Après avoir indiqué dans le précédent article pourquoi
on pouvait juger pertinentes les propositions du Gouvernement Ayrault,
l'habileté du Gouvernement ne doit pas occulter de légitimes critiques.
Compétitivité-prix
vs compétitivité hors-prix
La principale critique que l'on peut adresser au rapport
Gallois et au Gouvernement est de faire reposer la compétitivité
essentiellement sur les prix. Or la compétitivité hors-prix constitue un
puissant déterminant de la performance des entreprises: le déficit de
compétitivité avec l'Allemagne repose en fait sur la compétitivité hors-prix
c'est-à-dire la conception, la qualité et les services liés aux produits. On
attend encore les mesures du Gouvernement pour augmenter les dépenses de
recherche (le crédit impôt-recherche devrait certes augmenter en 2013) ou aider
les PME. La réduction des charges de 20 milliards d'euros soit 1 % du PIB ne
suffira jamais à égaler les prix chinois ou indiens.
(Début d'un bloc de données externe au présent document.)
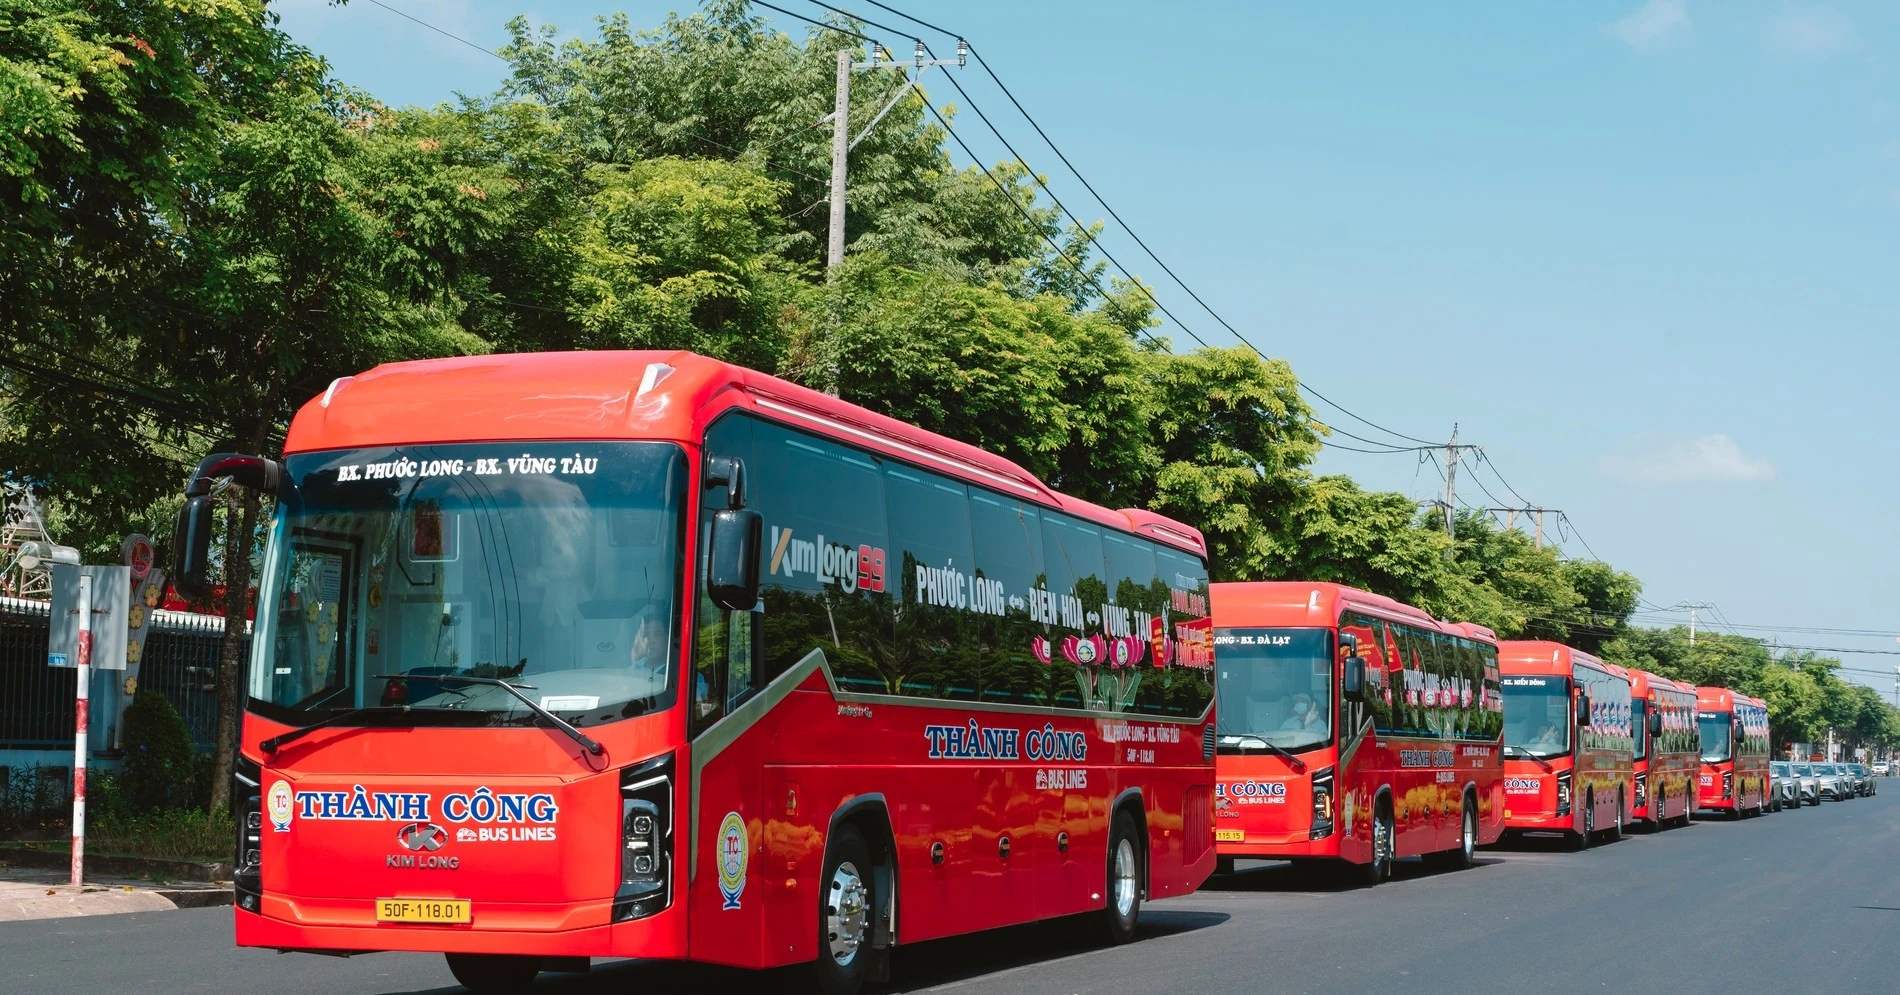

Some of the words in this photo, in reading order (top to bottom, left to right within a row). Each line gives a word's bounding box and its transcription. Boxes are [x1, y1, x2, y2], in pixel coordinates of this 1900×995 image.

[337, 465, 361, 482] BX.
[365, 456, 417, 480] PHƯỚC
[419, 459, 464, 476] LONG
[475, 458, 502, 475] BX.
[507, 453, 557, 474] VŨNG
[560, 453, 599, 474] TÀU
[916, 558, 966, 610] PHƯỚC
[969, 575, 1006, 617] LONG
[1028, 582, 1058, 625] BIÊN
[1061, 586, 1085, 630] HÒA
[1101, 598, 1132, 637] VŨNG
[1134, 602, 1152, 643] TÀU
[1241, 636, 1255, 644] BX.
[1257, 633, 1271, 645] ĐÀ
[1272, 636, 1291, 646] LẠT
[924, 718, 1020, 760] THÀNH
[1025, 722, 1088, 761] CÔNG
[1400, 745, 1431, 768] THÀNH
[1432, 746, 1455, 768] CÔNG
[1048, 769, 1064, 790] BUS
[1065, 769, 1087, 790] LINES
[1231, 779, 1287, 796] CÔNG
[295, 784, 431, 822] THÀNH
[441, 785, 559, 824] CÔNG
[478, 827, 510, 841] BUS
[511, 827, 557, 841] LINES
[1215, 832, 1241, 840] -115.15
[385, 855, 415, 868] KIM
[418, 856, 460, 870] LONG
[384, 903, 462, 919] 50F-118.01
On peut donc interpréter
le crédit d'impôt du Gouvernement comme un beau cadeau fiscal fait aux
entreprises pour un effet très limité sur leur compétitivité.
Les ménages
seront encore et toujours mis à contribution
Par ailleurs, les ménages paieront pour cette diminution
d'impôt sur les entreprises, soit avec la hausse de la TVA (6,5 milliards
d'euros), soit en raison des diminutions annoncées des dépenses de l'Etat (10
milliards d'euros supplémentaires en 2014). Or les ménages seront déjà affectés
par des hausses d'impôts en 2013 et la réduction des dépenses de l'Etat.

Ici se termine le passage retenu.